The rain gauge at the Wolf Creek station measured 2.85 inches just in the last two weeks of May. Total rainfall for the month was almost double that. Temperatures? A warm day was 60 or 65 degrees except for the final weekend when it edged into 70. Never a spring like this is right!

But June will warm up noticeably, especially during the week before the summer solstice on June 21. Rainfall will be above average with more thunderstorms and heavy showers arriving from the east from big towering cumulus and cumulonimbus clouds. Storms moving from the east will occur more and more as climate change continues to develop. One of the rainstorms in May on the westside developed because a low-pressure area in Eastern Washington moved across the North Cascades and dumped rain on Puget Sound.
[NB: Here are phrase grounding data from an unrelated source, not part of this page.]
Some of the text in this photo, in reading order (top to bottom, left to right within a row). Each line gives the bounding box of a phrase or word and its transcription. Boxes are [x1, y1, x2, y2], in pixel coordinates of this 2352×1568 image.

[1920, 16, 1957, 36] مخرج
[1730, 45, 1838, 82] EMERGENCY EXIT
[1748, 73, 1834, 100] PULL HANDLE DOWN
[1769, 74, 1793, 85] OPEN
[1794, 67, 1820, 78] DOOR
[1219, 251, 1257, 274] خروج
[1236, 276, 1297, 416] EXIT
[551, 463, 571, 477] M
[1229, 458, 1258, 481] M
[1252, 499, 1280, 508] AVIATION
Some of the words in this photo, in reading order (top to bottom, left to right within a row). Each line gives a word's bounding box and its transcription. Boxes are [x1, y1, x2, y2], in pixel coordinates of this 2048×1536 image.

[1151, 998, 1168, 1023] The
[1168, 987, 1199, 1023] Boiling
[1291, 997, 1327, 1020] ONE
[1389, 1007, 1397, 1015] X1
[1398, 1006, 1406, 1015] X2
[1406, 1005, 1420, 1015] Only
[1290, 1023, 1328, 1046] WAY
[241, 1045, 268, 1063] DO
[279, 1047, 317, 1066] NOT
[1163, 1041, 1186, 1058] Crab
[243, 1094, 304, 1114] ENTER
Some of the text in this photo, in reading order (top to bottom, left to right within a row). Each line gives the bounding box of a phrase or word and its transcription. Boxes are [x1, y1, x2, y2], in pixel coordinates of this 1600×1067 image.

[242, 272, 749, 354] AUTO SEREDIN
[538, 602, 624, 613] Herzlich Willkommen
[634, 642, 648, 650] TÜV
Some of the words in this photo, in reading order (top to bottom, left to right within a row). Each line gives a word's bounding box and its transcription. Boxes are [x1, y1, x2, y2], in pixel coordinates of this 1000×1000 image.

However, even with all the rain and cloud cover there will be some clear, chilly nights when weather eyes should be looking to the west not long after sunset. The planet Venus will be a shining jewel. David Ward in last week’s Naked Eye gave a good presentation of Venus during June and its rightful place in the galaxy of the sky.

Another presentation of Venus is from Louise Bogan (1898-1970) in her poem “Evening-Star.” She gives us words that will carry us through June before real summer arrives on the Fourth of July:

 

Light from the planet Venus, soon to set,

Be with us.

Light, pure and round, without heat or shadow,

Held in the cirrus sky, at evening:

Accompany what we do.

Be with us;

Know our partial strength.

Serve us in your own way,

Brief planet, shining without burning.

Light, lacking words that might praise you;

Wanting and breeding sighs only.

 

Weatherwatch thanks Arendt Oak Speser in the English Department at the University of Washington for this poem. He is an excellent teacher of poetry and added much to the understanding and appreciation of poetry for the 42 students (including Weatherwatch) in his class this past spring quarter.

Summer will be here on the Fourth of July. Be patient!